In the process of rolling the first roll in block 2 enter the values of the following parameters, measured at certain time intervals n (several seconds): the rolling speed in this stand V _n ; the tension of the strip at the entrance and exit of the stand S ₁ , S ₂ ; strip thickness at the inlet and outlet of the stand h ₁ , h ₂ ; tackle temperature t _p ; emulsion temperature t _e ; sectional flow rate of the cooler along the length of the roll barrel G ₁ ; additionally also enter the following parameters: characteristics of the transverse profile of the tackle, i.e. its thickness in different sections along the width h ₁ ; grinding convexity of rolls Δ; roughness rolls δ; rolling force P; the dependence of the resistance to deformation of the rolled metal on the relative compression for different grades of steel ε ₁ .

 In the process of subsequent rolling, using the information obtained, the temperature field and thermal profile of the roll are calculated using mathematical model 3.

Formalization of the calculations can be performed on the basis of the equations of the heat balance of the strip, the working and backup rolls. In particular, a closed system of equations for the work roll in the case of five-zone cooling has the form:
A ₁₁ t _p1 + A ₁₂ t _p2 + A ₁₃ t _p3 = D ₁ ;
A ₂₁ t _p1 + A ₂₂ t _p2 + A ₂₃ t _p3 + A ₂₄ t _p4 = D ₂ ;
A ₃₁ t _p1 + A ₃₂ t _p2 + A ₃₃ t _p3 + A ₃₄ t _p4 + A ₃₅ t _p5 = D ₃ ;
A ₄₂ t _p2 + A ₄₃ t _p3 + A ₄₄ t _p4 + A ₄₅ t _p5 = D ₄ ;
A ₅₃ t _p3 + A ₅₄ t _p4 + A ₅₅ t _p5 = D ₅ ,
Where
t _p1 ... t _p5 - unknown temperature of the rolls in the cooling zones, average over the cross section of the roll barrel;
A ₁₁ .. A ₅₅ and D ₁ ... D ₅ are the coefficients determined by the well-known formulas (See book: E. A. Garber, A. A. Goncharsky, M. P. Sharavin "Technical progress of cooling systems for rolling mills" M Metallurgy, 1991, pp. 121-125) as a function of the structural parameters of the mill and cooling system, technological and power parameters of the rolling process, coolant flow rates.

где
Δ_i - определитель неизвестного t_pi,
Δ - определитель системы.Solving this system in one of the known ways, for example, according to the Cramer rule, it is possible to calculate the temperature distribution along the length of the roll barrel:

Where
Δ _i is the determinant of the unknown t _pi ,
Δ is the determinant of the system.

The thermal profile of the roll ΔD _pt can be calculated by the formula:
ΔD _pt = α _l D _p (t _p5 - t _p1 ),
Where
α _l - the coefficient of linear expansion of the roll (1 / ^o C);
D _p - the diameter of the barrel of the work roll.

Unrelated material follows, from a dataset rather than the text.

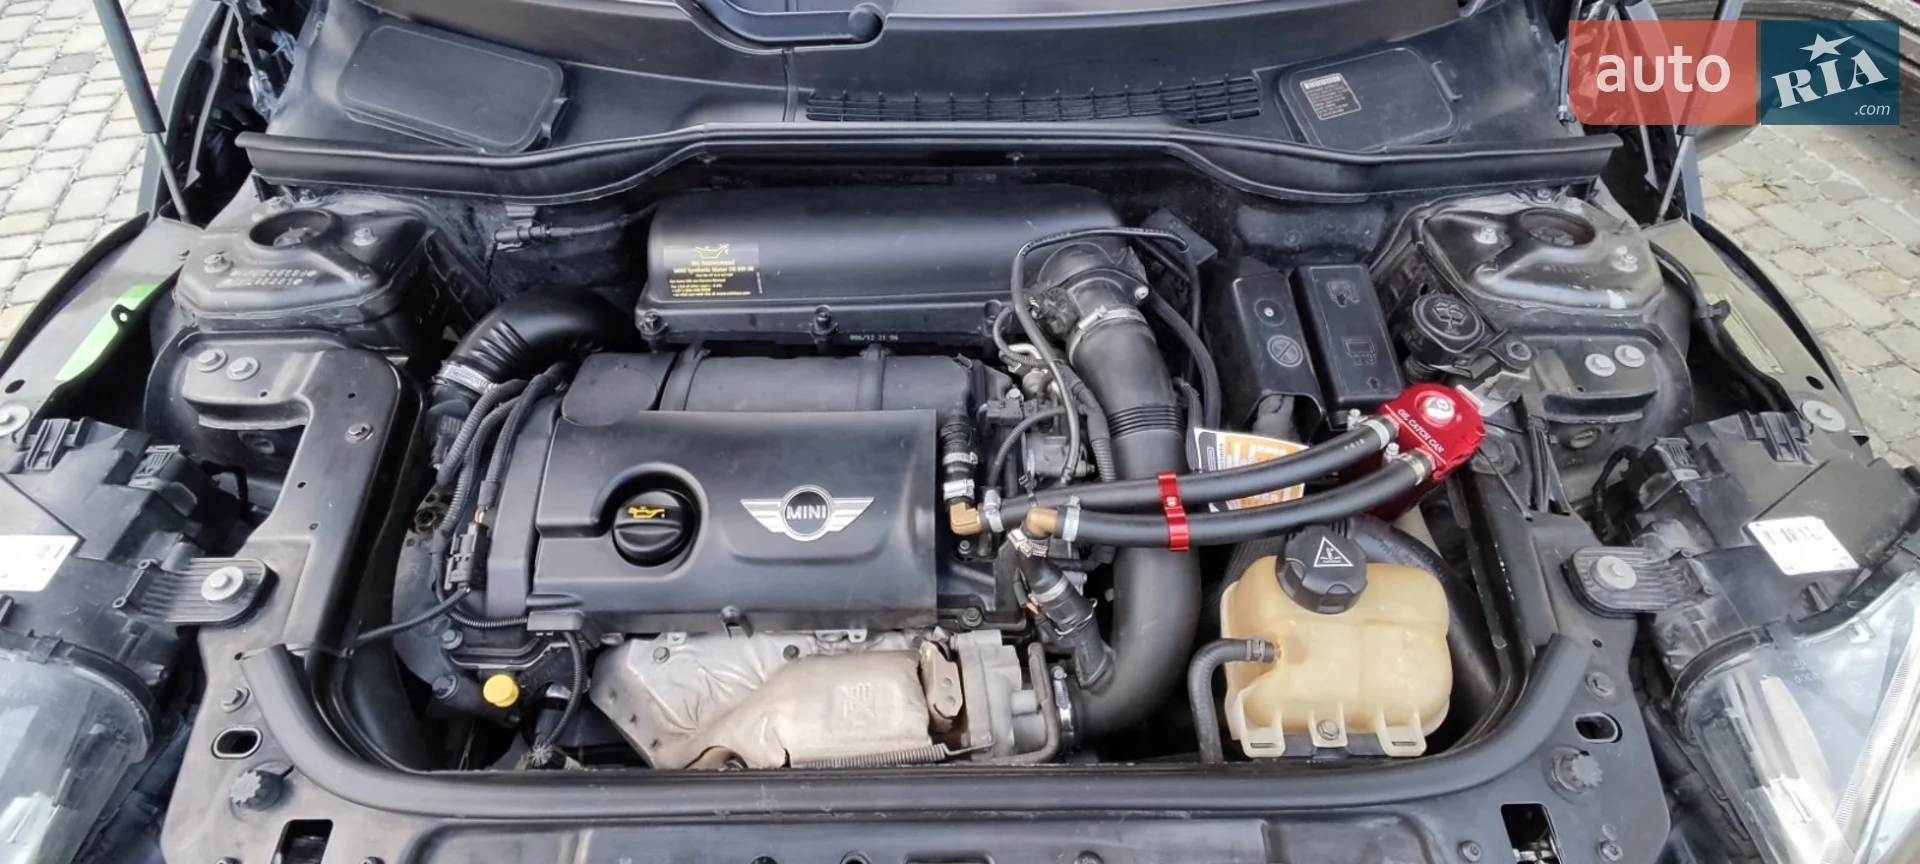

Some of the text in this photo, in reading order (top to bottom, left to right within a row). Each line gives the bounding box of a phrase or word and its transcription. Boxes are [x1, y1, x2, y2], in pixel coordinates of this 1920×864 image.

[1398, 408, 1445, 453] OIL CATCH CAN
[786, 505, 827, 520] MINI

 Then, the flow rate of the cooler (emulsion) is determined in all cooling zones for the rolling cycle of the subsequent roll, i.e. according to the specified algorithm, for various possible values of the flow rate of the cooler, the thermal profile of the rolls is calculated, using the rolling parameters and the actual thermal profile stored in block 2 as initial information. As a result, a value is selected that minimizes the non-flatness of the strip at a given time interval. The selected values of the flow rate of the cooler and the processing time are stored in block 5.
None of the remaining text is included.